Nintendo, Microsoft, Sony : le bal des arrogants
La tentation de l'hubris

Les précos de la Switch 2 battent leur plein dans plusieurs coins du monde depuis hier, et si on ignore ce que donnent les premiers chiffres, il ne fait guère de doute que Nintendo a déjà écoulé quelques palettes à l'aise. Les précommandes devaient commencer aujourd'hui aux États-Unis, mais elles ont été reportées à des jours meilleurs à cause de cette andouille de Trump — et le Canada, qui n'y est pour rien, subit lui aussi le report. Grmmpff.
Mais après avoir servi les early adopters et les fans inconditionnels, Nintendo va devoir aller chercher le grand public et les joueurs pas pressés de changer de crémerie. Une des problématiques de la Switch 2, c'est son prix : 470 €, c'est une somme autrement plus élevée que la Switch 1. Et puis les jeux ne sont pas spécialement donnés non plus.
Le syndrome du patron déconnecté
Cette question du prix, qui a vraiment pourri la fête de la présentation la semaine dernière (le fameux « drop the price » scandé par les spectateurs des Treehouse), a été abordée par tous les médias qui ont pu approcher le patron de Nintendo Of America, le bien nommé Doug Bowser. Le dirigeant a servi à tout le monde des variations de la même explication, mais celle donnée à CBC a plus particulièrement frappé l'imaginaire.
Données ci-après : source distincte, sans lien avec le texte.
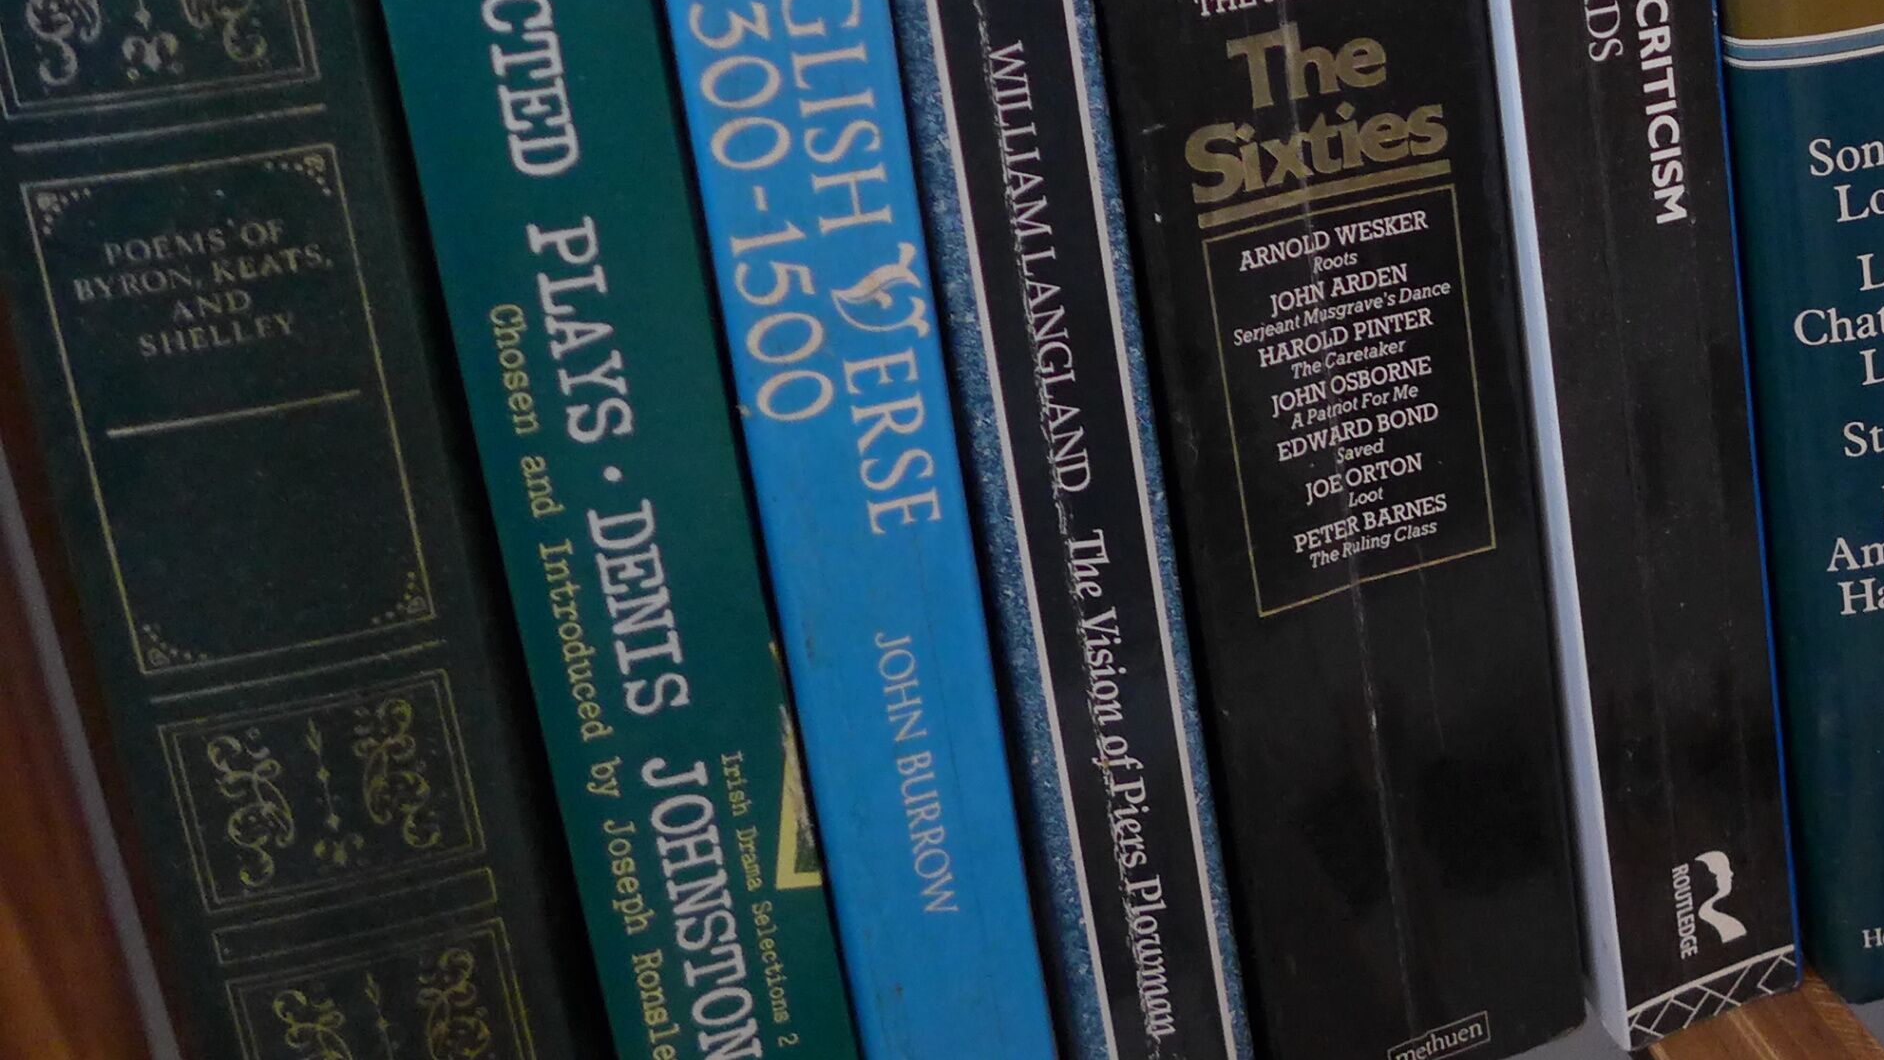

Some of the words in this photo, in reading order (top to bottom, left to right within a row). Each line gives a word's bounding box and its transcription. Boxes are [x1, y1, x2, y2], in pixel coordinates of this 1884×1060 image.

[1226, 21, 1387, 110] The
[987, 39, 1054, 238] WILLIAM
[1185, 102, 1448, 204] Sixties
[104, 227, 226, 266] POEMS
[240, 218, 285, 246] OF
[212, 243, 334, 285] KEATS,
[1239, 230, 1330, 271] ARNOLD
[1335, 210, 1429, 248] WESKER
[1312, 251, 1358, 274] Roots
[173, 289, 251, 323] AND
[1233, 316, 1301, 347] Serjeant
[1303, 290, 1397, 327] Musgrave's
[1399, 281, 1452, 304] Dance
[1270, 284, 1326, 317] JOHN
[1330, 263, 1409, 297] ARDEN
[139, 312, 294, 358] SHELLEY
[1258, 328, 1349, 368] HAROLD
[1354, 307, 1434, 341] PINTER
[1291, 360, 1322, 380] The
[1325, 339, 1406, 369] Caretaker
[489, 303, 541, 437] Chosen
[830, 241, 942, 536] VERSE
[1020, 251, 1092, 494] LANGLAND
[1271, 384, 1327, 417] JOHN
[1330, 356, 1432, 397] OSBORNE
[1277, 417, 1373, 461] EDWARD
[1377, 402, 1439, 434] BOND
[1291, 413, 1304, 430] A
[1307, 399, 1358, 426] Patriot
[1361, 391, 1389, 411] For
[1393, 384, 1419, 400] Me
[1306, 473, 1342, 505] JOE
[1346, 452, 1423, 487] ORTON
[1336, 438, 1384, 464] Saved
[520, 454, 564, 519] and
[1348, 485, 1384, 508] Loot
[1294, 516, 1360, 553] PETER
[1364, 493, 1448, 529] BARNES
[1310, 548, 1340, 569] The
[1342, 532, 1392, 559] Ruling
[1394, 521, 1437, 542] Class
[1067, 528, 1110, 599] The
[527, 216, 633, 444] PLAYS
[587, 498, 690, 715] DENIS
[641, 756, 763, 1060] JOHNSTON
[539, 538, 614, 743] Introduced
[1085, 606, 1127, 727] Vision
[873, 631, 928, 745] JOHN
[586, 755, 622, 797] by
[720, 750, 753, 817] Irish
[1097, 736, 1144, 773] of
[896, 750, 960, 919] BURROW
[1110, 778, 1149, 869] Piers
[603, 818, 656, 936] Joseph
[736, 825, 763, 892] Drama
[1671, 863, 1698, 960] ROUTLEDGE
[751, 900, 790, 1024] Selections
[1125, 874, 1177, 1039] Plowman
[777, 1033, 799, 1048] 2
« Nous reconnaissons que certaines personnes pourraient ne pas avoir les moyens de s’offrir [la Switch 2] à son prix », déclare-t-il. « C’est pourquoi nous avons voulu maintenir les autres modèles de Switch disponibles, afin que [les joueurs] aient malgré tout la possibilité d’entrer dans notre univers vidéoludique, de découvrir ces personnages et ces mondes, et d’y trouver de la valeur, quel que soit le niveau de la gamme auquel ils accèdent. »
En résumé : si vous ne pouvez pas vous offrir la Switch 2, contentez-vous de la Switch 1. Cette réponse quelque peu condescendante évoque celle donnée par Don Mattrick, alors patron de la division Xbox de Microsoft, qui avait déclaré en 2013, au lancement de la Xbox One : « Heureusement, nous avons un appareil pour les personnes n'ayant pas de connexion internet chez eux : ça s'appelle la Xbox 360 ».
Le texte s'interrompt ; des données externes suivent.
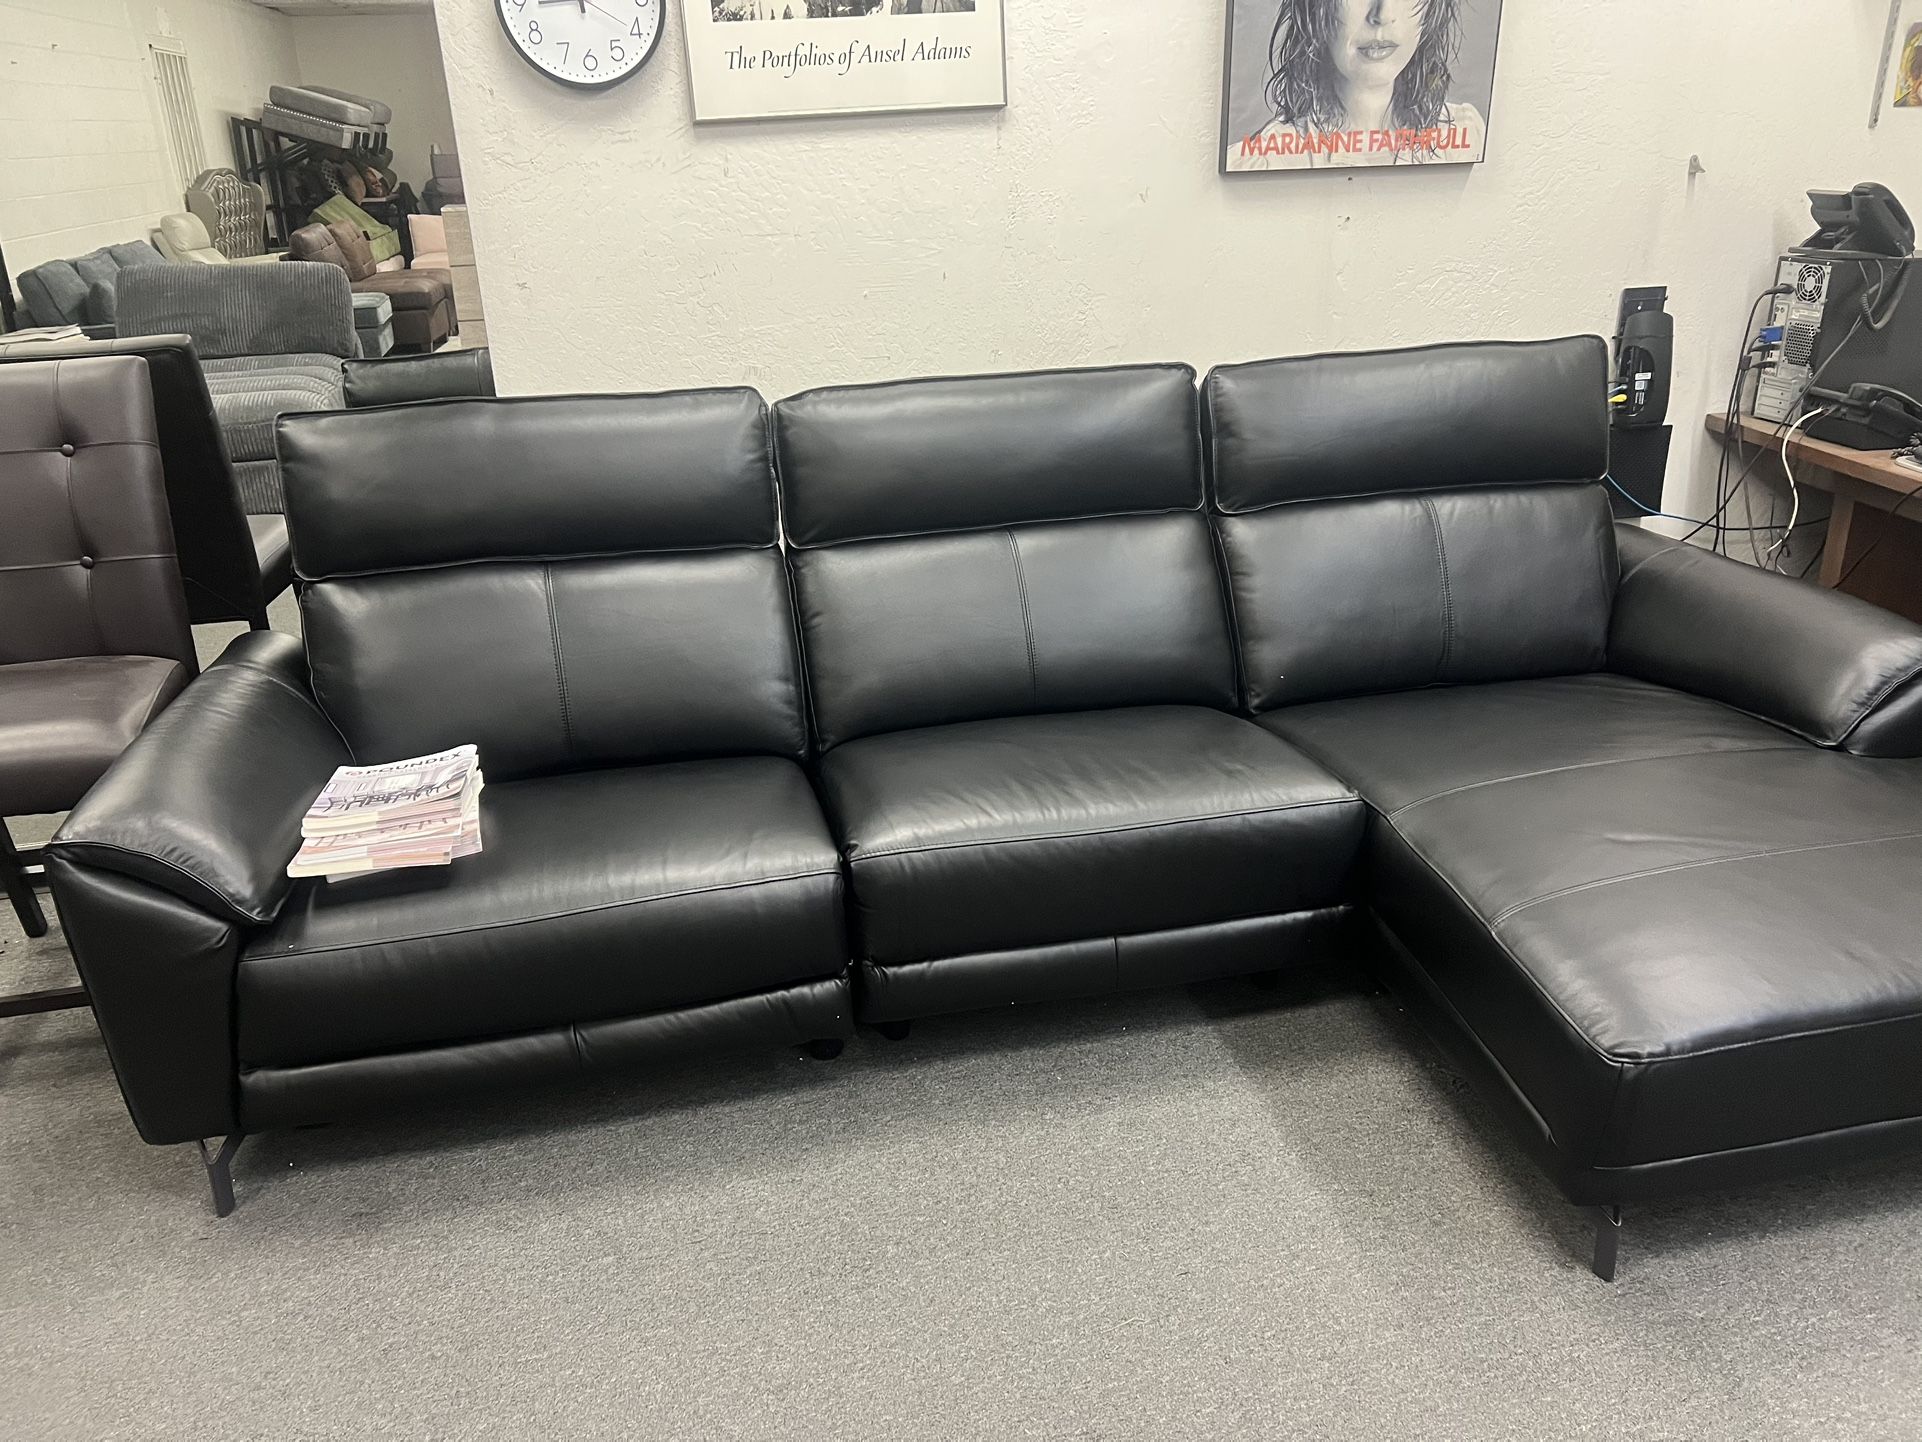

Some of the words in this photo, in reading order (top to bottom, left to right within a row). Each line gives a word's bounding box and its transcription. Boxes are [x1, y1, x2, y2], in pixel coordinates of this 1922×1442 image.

[528, 20, 543, 45] 8
[629, 16, 643, 39] 4
[556, 41, 570, 65] 7
[582, 48, 598, 72] 6
[609, 39, 625, 62] 5
[724, 45, 757, 71] The
[761, 42, 835, 78] Portfolios
[838, 40, 859, 76] of
[858, 38, 906, 65] Ansel
[911, 36, 972, 62] Adams
[1240, 130, 1364, 157] MARIANNE
[1368, 127, 1471, 153] FAITHFULL
À l'origine, la Xbox One devait en effet se connecter au moins une fois par jour à Microsoft, y compris pour les jeux solo. Sans cette connexion obligatoire, la console désactivait l'accès aux jeux. Cette phrase hors sol est restée comme le symbole de la déconnexion entre Microsoft et une partie de son public. Le constructeur a fait machine arrière, mais c'était trop tard : il a perdu la guerre des consoles pour toujours.
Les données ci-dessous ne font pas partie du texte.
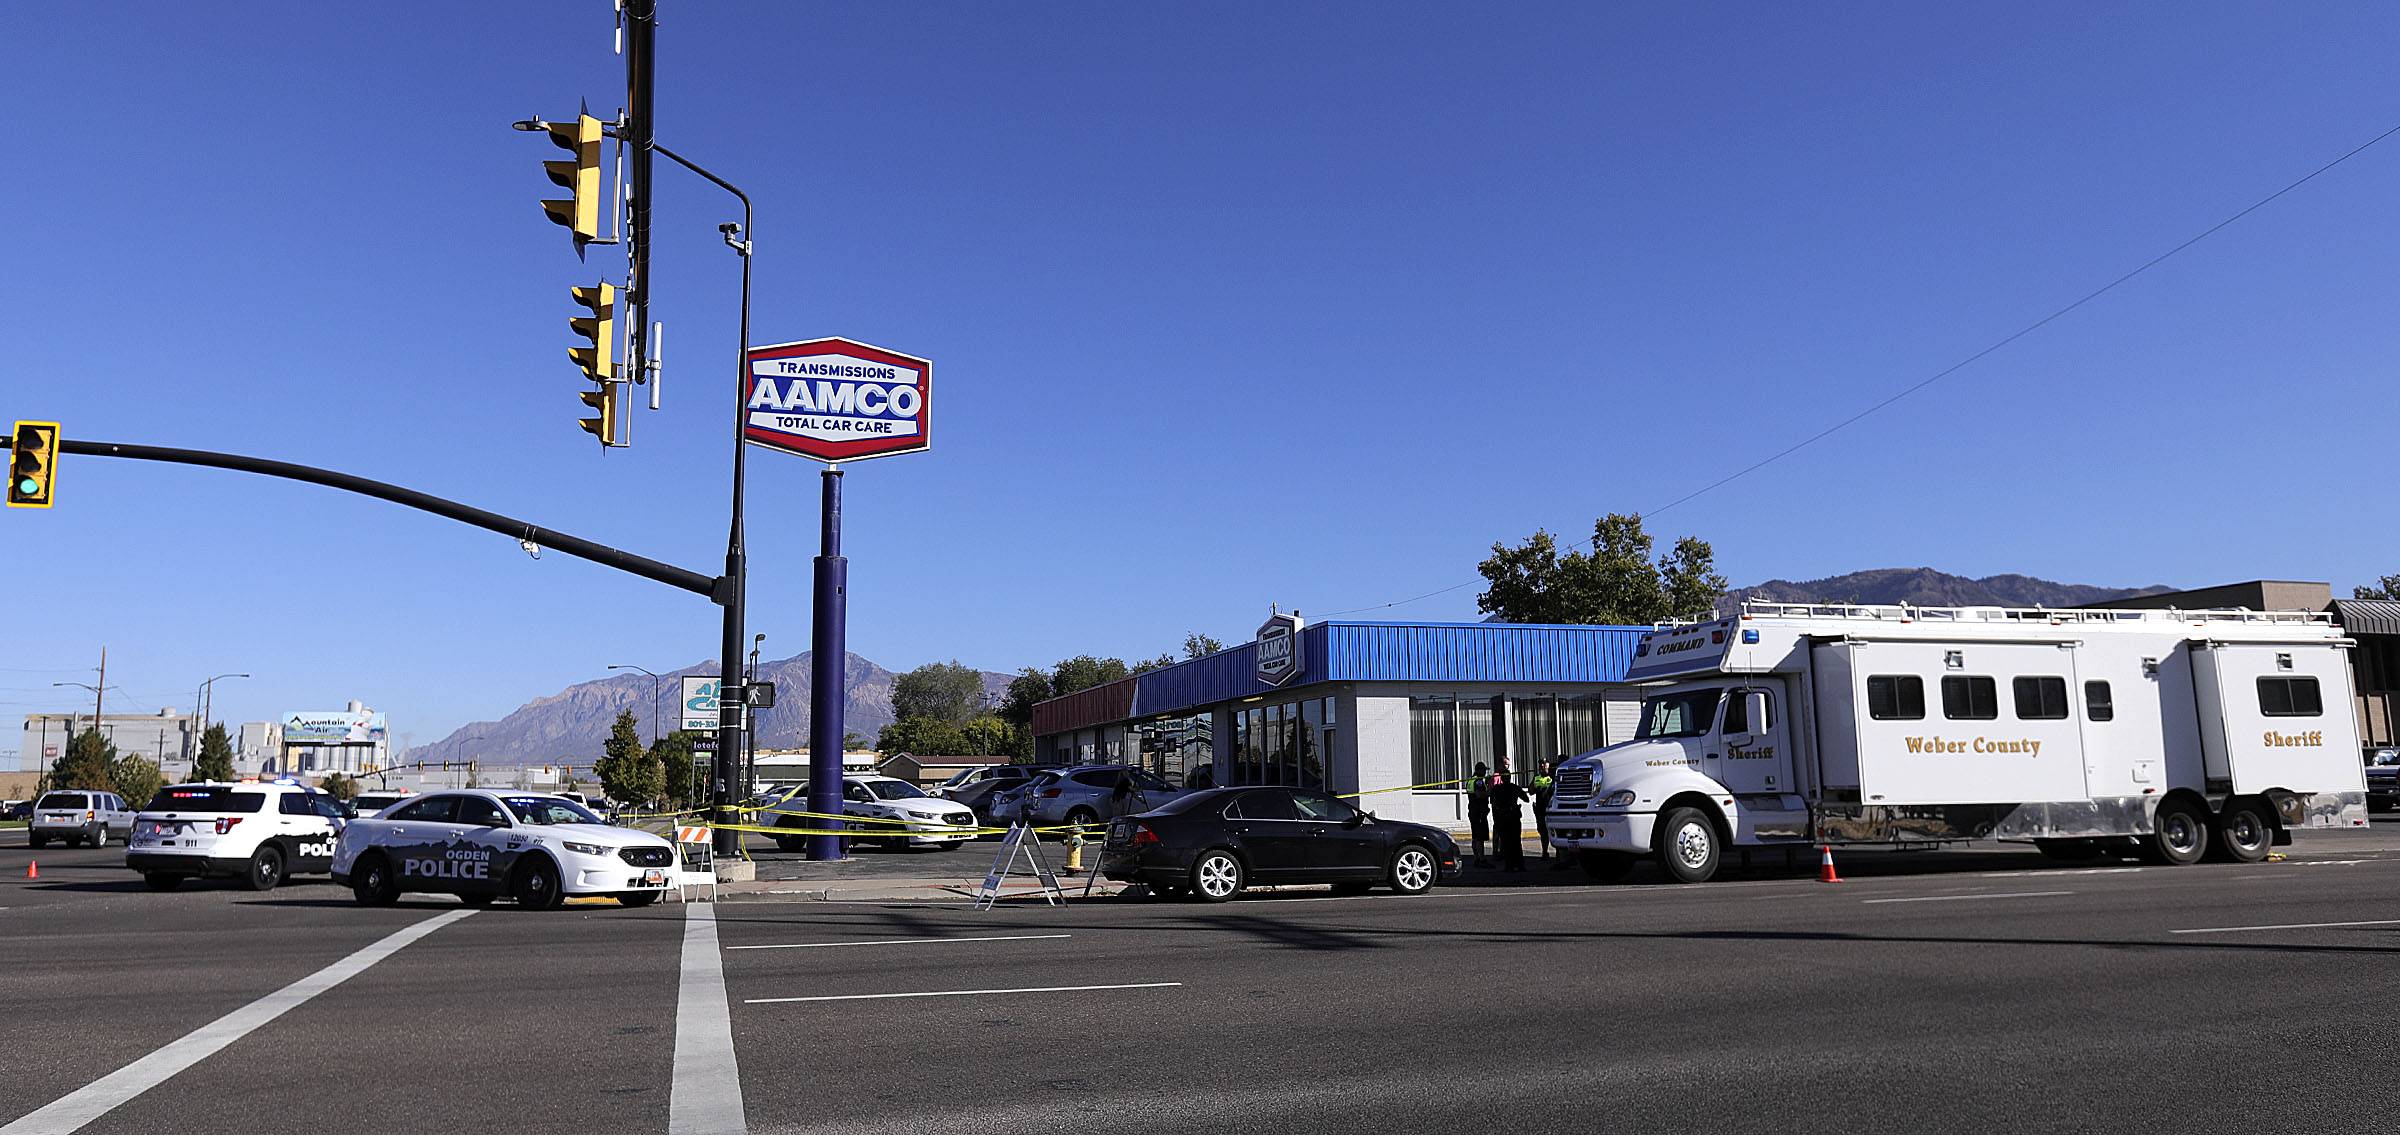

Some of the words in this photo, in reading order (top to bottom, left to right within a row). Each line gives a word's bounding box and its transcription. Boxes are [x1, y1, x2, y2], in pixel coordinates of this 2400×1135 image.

[778, 361, 896, 380] TRANSMISSIONS
[747, 377, 922, 418] AAMCO
[776, 416, 820, 430] TOTAL
[822, 419, 852, 431] CAR
[854, 421, 893, 433] CARE
[1258, 637, 1291, 661] AAMCO
[1657, 637, 1705, 656] COMMAND
[315, 726, 328, 734] Air
[2263, 730, 2323, 747] Sheriff
[1727, 747, 1774, 760] Sheriff
[1905, 736, 1967, 753] Weber
[1973, 736, 2041, 758] County
[1672, 758, 1700, 766] County
[185, 839, 198, 848] 911
[299, 842, 337, 857] POLI
[446, 850, 490, 861] OGDEN
[404, 858, 489, 879] POLICE
Aucun constructeur n'est immunisé contre la maladie mortelle de l'arrogance. En 2007, un an avant le lancement de la PlayStation 3, le patron de Sony Ken Kutaragi avait déclaré que les joueurs voudront faire des heures sup' pour se payer la future console. Sony s'est mordu les doigts de cette arrogance, mais fort heureusement le lancement complètement foireux de la Xbox One a permis à l'entreprise de redresser la barre.

Nintendo n'est pas aux abois. Mais les ressemblances entre d'une part le Nintendo d'aujourd'hui, et d'autre part le Microsoft et le Sony d'hier sont frappantes. Chaque entreprise dominait le secteur des consoles, avec la Switch pour le premier, la Xbox 360 pour le second et la PS2 pour le troisième. Et dans tous les cas, l'hubris est fort : Microsoft a cru pouvoir imposer sa loi sur la manière dont les joueurs pouvaient profiter de leurs jeux. Sony se sentait tellement puissant qu'il pensait que les joueurs allaient se saigner aux quatre veines.
Aujourd'hui, Nintendo pense avoir les coudées franches pour faire les poches de ses clients, en faisant payer le moindre bout de truc à l'image de l'app Welcome Tour, une démo technique à 10 $. Bowser et Mattrick ne pensaient pas à mal avec leur petite phrase (on ne peut pas être aussi affirmatif pour Kutaragi). Malheureusement, Nintendo devrait plutôt chercher à arrondir les angles plutôt que de les affûter.